Парень долго к ним приглядывался, шмыгал носом, что-то бормотал, потом попросил всех троих пройтись по комнате и все ж беспомощно посмотрел на Корнеева.
– Не могу понять, что-то не так…
– А пусть он посмотрит, как вы по лестнице поднимаетесь, – неожиданно предложил Вавилов, забракованный по причине маленького роста и в опыте не участвовавший.

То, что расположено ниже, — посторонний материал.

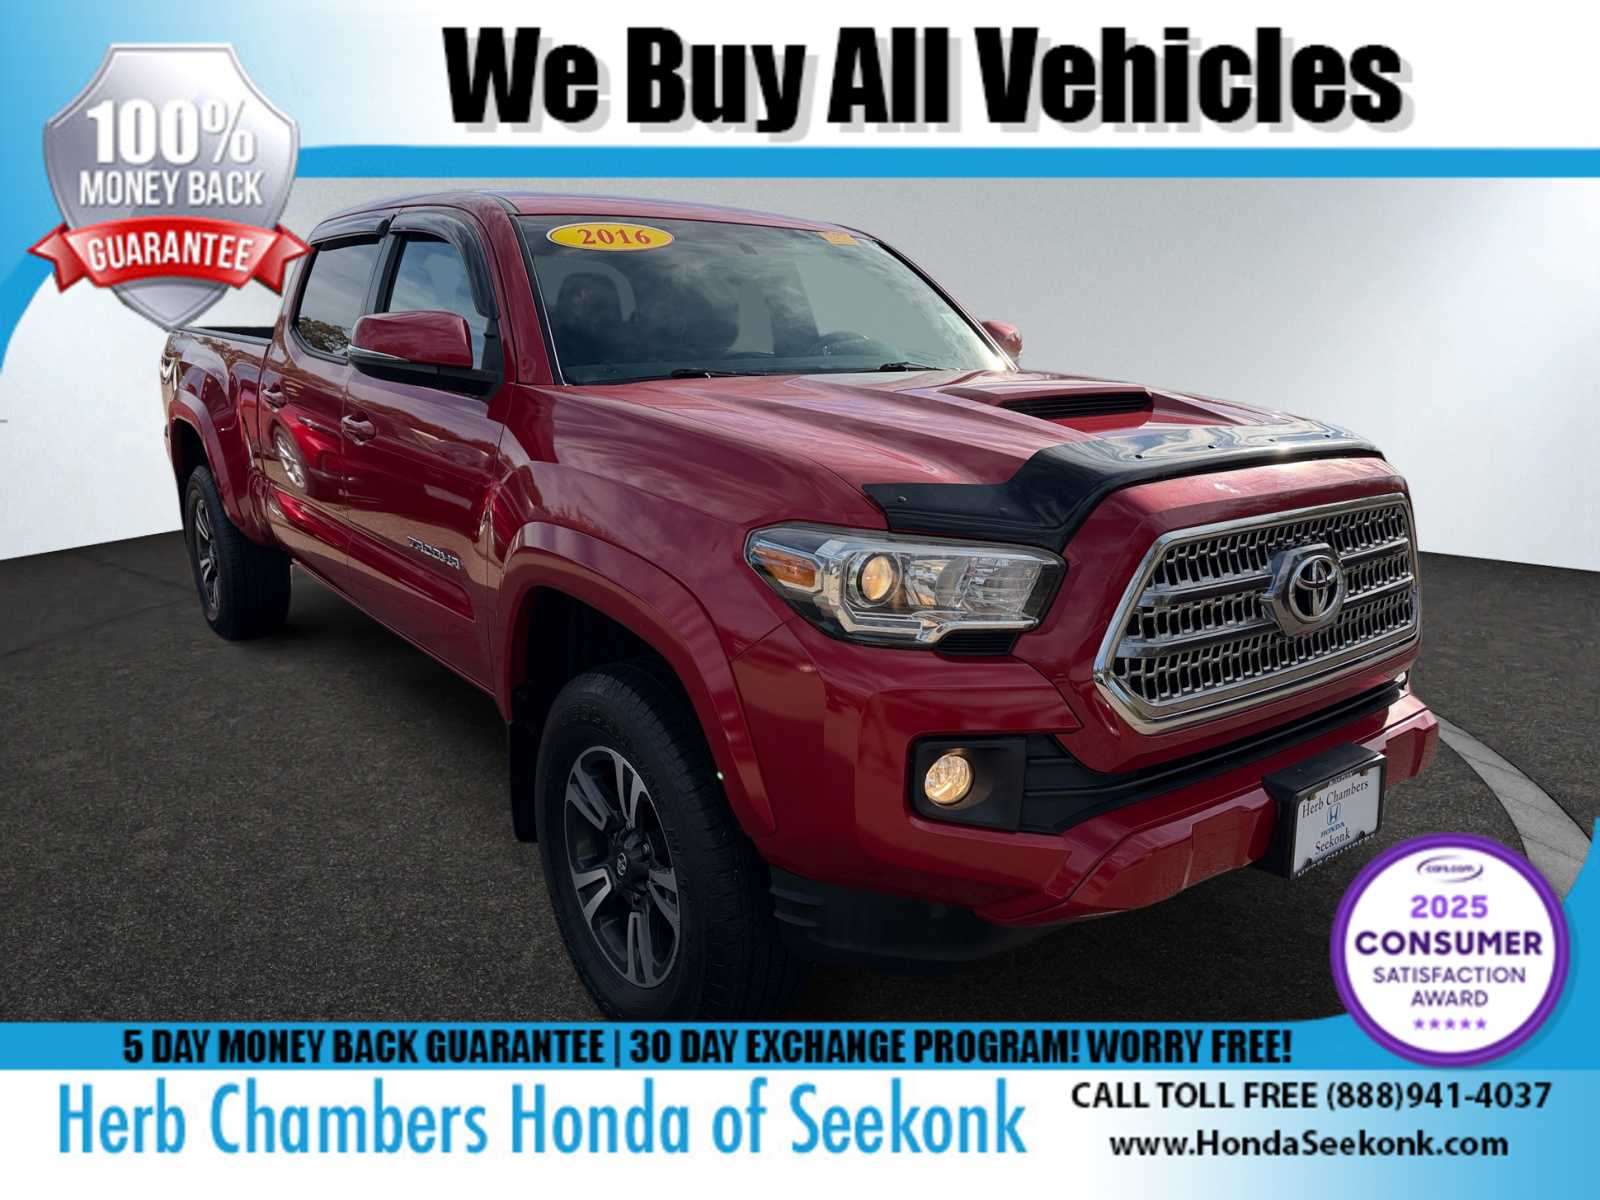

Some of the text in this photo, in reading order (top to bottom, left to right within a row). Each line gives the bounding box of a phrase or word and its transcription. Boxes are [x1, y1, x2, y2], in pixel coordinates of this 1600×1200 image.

[577, 229, 651, 245] 2016
[1301, 780, 1370, 819] Herb Chambers
[1314, 827, 1351, 855] Seekonk

Вышли в коридор, поднялись друг за другом с первого этажа на второй. И парень уверенно показал на Алексея.
– Кажется, этот. Или тот чуть меньше ростом был и худее? Но я издалека смотрел, мог ошибиться. – Парень отступил на шаг, еще раз окинул Алексея критическим взглядом. И шлепнул себя по лбу. – А, вспомнил! Он немного ногу тянул, когда по ступенькам поднимался, я еще подумал, то ли сапоги жмут, то ли нога больная! И шинель у него, по правде, больше на ту смахивала, – кивнул подмастерье на Журайского, – а так всем на этого походил. – И он опять указал пальцем на Алексея.
– Скажи, есть ли среди этих господ тот, кто уходил от Ушаковых в тот вечер? – спросил Тартищев.
– Этот уходил, – указал подмастерье на Журайского. – Он с крыльца бегом сбежал и шинельку на ходу надевал. И еще рукой извозчику махал, что мимо проезжал. Но мне не видно было, остановился тот или нет.
– Да, да, – торопливо закивал головой Журайский. – Я действительно взял извозчика, чтобы доехать до дома. Вы найдите его, он подтвердит… Я ведь говорил, что к контрольной работе готовился весь вечер.
– А вы его номер запомнили? – спросил Тартищев.
Журайский пожал плечами и виновато улыбнулся:
– Откуда я знал, что это понадобится?